In geometry, the elongated pentagonal bipyramid or bicapped pentagonal prism is a polyhedron constructed by attaching two pentagonal pyramids onto the base of a pentagonal prism. It is an example of Johnson solid.

== Construction ==
The elongated pentagonal bipyramid is constructed from a pentagonal prism by attaching two pentagonal pyramids onto its bases, a process called elongation. These pyramids cover the pentagonal faces so that the resulting polyhedron ten equilateral triangles and five squares. A convex polyhedron in which all of the faces are regular polygons is the Johnson solid. The elongated pentagonal bipyramid is among them, enumerated as the sixteenth Johnson solid $J_{16}$.

== Properties ==
The surface area of an elongated pentagonal bipyramid $A$ is the sum of all polygonal faces' area: ten equilateral triangles, and five squares. Its volume $V$ can be ascertained by dissecting it into two pentagonal pyramids and one regular pentagonal prism and then adding its volume.
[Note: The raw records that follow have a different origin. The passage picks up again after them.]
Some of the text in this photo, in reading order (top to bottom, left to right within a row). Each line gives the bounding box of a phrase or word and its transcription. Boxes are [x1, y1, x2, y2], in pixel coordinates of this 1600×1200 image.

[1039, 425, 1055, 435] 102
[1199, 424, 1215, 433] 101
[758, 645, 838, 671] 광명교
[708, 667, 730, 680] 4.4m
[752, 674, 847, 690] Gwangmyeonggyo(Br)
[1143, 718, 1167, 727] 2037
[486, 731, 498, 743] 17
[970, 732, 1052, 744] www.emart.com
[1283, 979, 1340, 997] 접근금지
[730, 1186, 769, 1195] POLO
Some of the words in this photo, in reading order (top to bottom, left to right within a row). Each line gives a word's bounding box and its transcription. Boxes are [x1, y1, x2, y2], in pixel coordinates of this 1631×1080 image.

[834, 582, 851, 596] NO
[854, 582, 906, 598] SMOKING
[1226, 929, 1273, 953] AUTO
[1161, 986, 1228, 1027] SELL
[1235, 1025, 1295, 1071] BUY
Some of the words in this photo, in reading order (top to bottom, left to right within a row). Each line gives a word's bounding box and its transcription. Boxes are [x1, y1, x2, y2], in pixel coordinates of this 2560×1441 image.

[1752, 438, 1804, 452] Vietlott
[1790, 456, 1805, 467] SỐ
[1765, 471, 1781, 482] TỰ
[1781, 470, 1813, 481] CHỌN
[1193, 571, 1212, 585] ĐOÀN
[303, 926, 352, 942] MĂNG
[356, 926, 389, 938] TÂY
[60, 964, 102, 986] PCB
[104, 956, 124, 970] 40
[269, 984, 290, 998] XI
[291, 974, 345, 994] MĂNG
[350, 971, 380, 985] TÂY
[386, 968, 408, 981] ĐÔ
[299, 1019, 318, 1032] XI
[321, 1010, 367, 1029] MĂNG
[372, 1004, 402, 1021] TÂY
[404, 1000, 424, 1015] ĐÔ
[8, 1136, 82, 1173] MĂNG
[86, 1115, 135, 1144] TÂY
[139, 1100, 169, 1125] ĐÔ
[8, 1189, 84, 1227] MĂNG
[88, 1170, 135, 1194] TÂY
Given an elongated pentagonal bipyramid with edge length $a$, they can be formulated as:
$$\begin{align}
 A &= \frac{5}{2} \left(2+\sqrt{3}\right)a^2 \approx 9.330a^2, \\
 V &= \frac{1}{12} \left(5+\sqrt{5}+3 \sqrt{5 \left(5+2 \sqrt{5}\right)}\right)a^3 \approx 2.324a^3.
\end{align}$$

3D model of an elongated pentagonal bipyramid

It has the same three-dimensional symmetry group as the pentagonal prism, the dihedral group $D_{5\mathrm{h}}$ of order 20. Its dihedral angle can be calculated by adding the angle of the pentagonal pyramid and pentagonal prism:
- the dihedral angle of an elongated pentagonal bipyramid between two adjacent triangular faces is that of a pentagonal pyramid between those, 138.19°.
- the dihedral angle of an elongated pentagonal bipyramid between two adjacent square faces is that of a regular pentagonal prism, the internal angle of a regular pentagon, 108°.
- the dihedral angle of an elongated pentagonal bipyramid between square-to-triangle is the sum of the dihedral angle of a pentagonal pyramid between triangle-to-pentagon with that of a pentagonal prism between square-to-pentagon, 37.38° + 90° = 127.38°.

The dual of the elongated square bipyramid is a pentagonal bifrustum.